Sangree was born outside of Philadelphia on November 23, 1923. His birth preceded mine by just over one year. Our father, Hans Froelicher Jr., practiced law in Philadelphia but in 1932, moved to Baltimore Maryland to become Headmaster of the Park School. We followed soon thereafter.

There were five children in the Froelicher family, Hans III, Joyce (Judy), Sangree, Charles and Fred. During World War II, in spite of being Philadelphia Birthright Quakers and eligible to be conscientious objectors, all four boys served in the Armed Forces while sister Judy became a US Navy cryptographer.

In his last two years at the Park School, Sangree competed vigorously and successfully in soccer, basketball and lacrosse. In 1941, he was Vice President of the Student Council, captained the lacrosse team and led it to an undefeated season. In the process, he was elected to the Maryland All State Lacrosse Team.

In the fall of 1941, Sangree went off to Colgate University. It was a perfect fit.

In the spring holiday of 1943, all young men our age were required to declare a preference for the Navy, Marine Corps, Army or Air Force. Sangree and I agreed on the Navy and walked down to the Fifth Regiment Armory to sign up. After the eye exam, I was sent on down the hallway. He was next. By the time he was through, I was on my way and into a Naval Training Program. We met at the end of the day and were not happy. He was colorblind and had been ordered into the Army. We had hoped to serve on the same ship.

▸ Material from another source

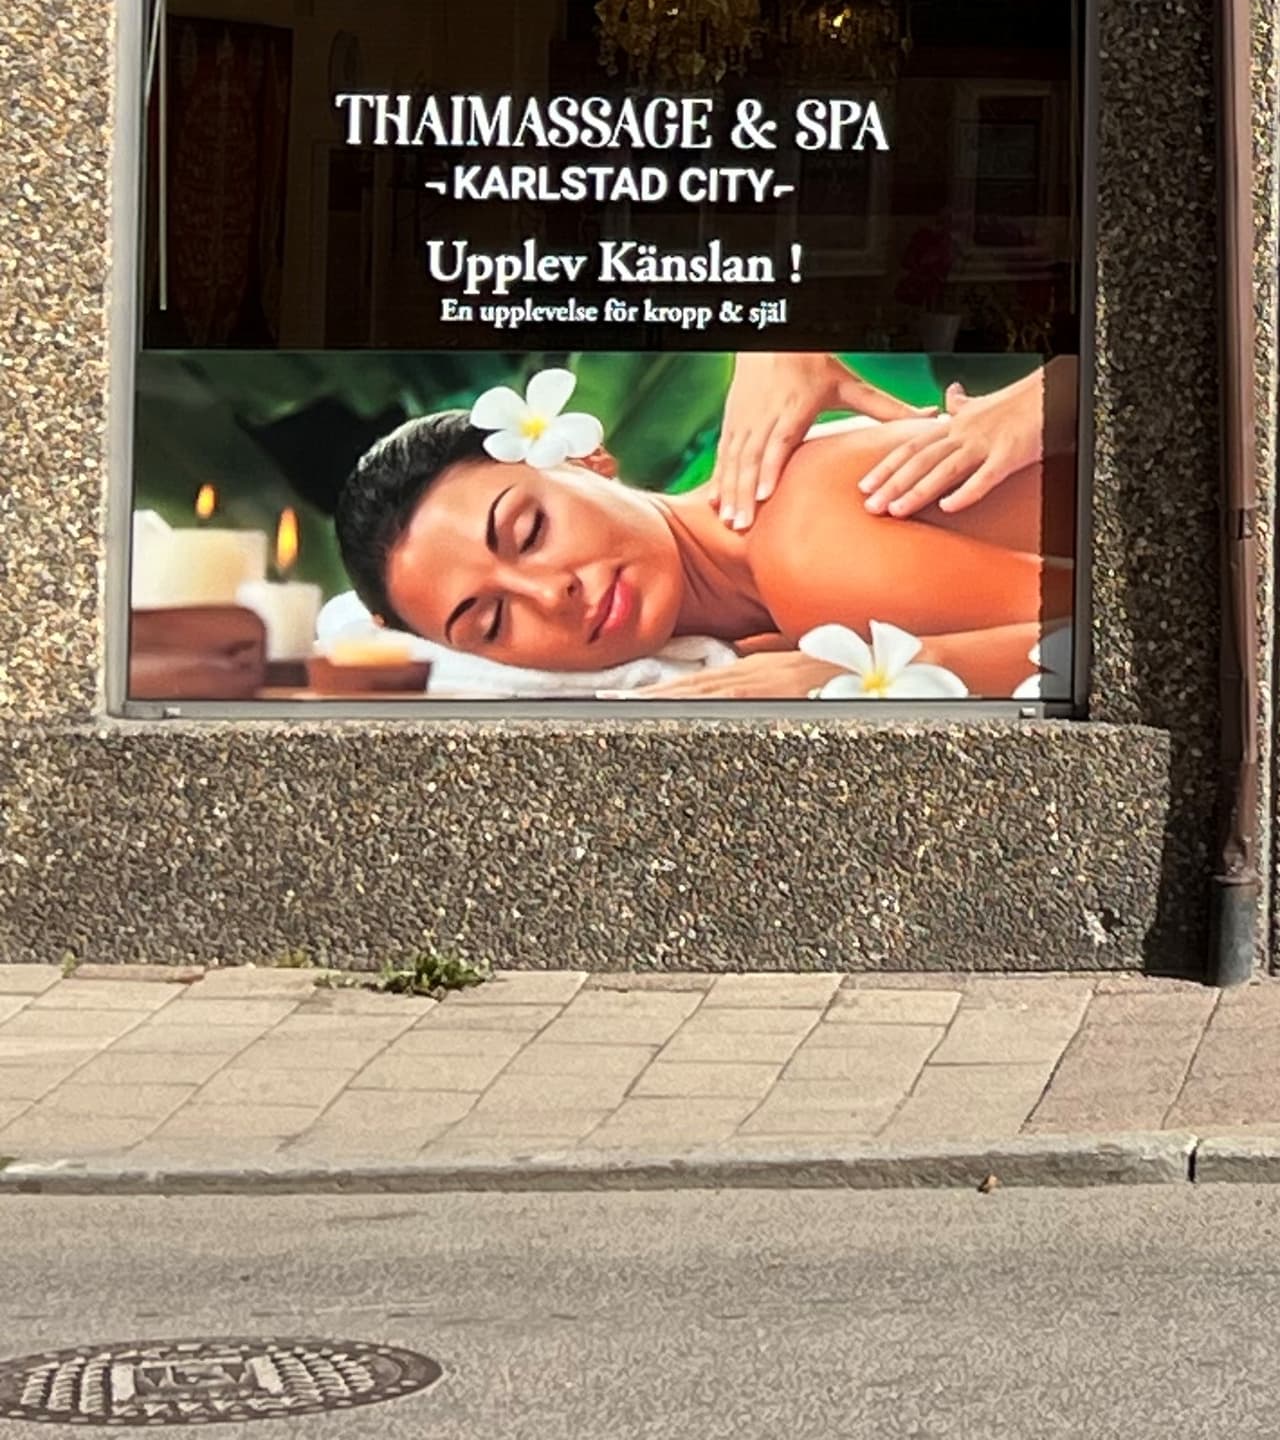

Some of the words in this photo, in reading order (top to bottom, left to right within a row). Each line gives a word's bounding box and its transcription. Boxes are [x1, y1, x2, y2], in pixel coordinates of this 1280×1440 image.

Once back at Colgate, Sangree found a number of his friends were joining the newly founded elite "ski" troops. The unit required both intelligence tests and special physical qualifications. He passed and turned down continuous offers to go to Officer's Candidate School, as did his friends who had also made the cut. In June of 1943 he reported for duty at Camp Hale, Colorado. When he dropped his duffel bag on the barracks floor, he turned around and found a dozen friends. They had all dropped out of law, medical and engineering schools to join the 10th Mountain Division. The Division was ranked by the War Department as having more brainpower than any other unit in the US Army.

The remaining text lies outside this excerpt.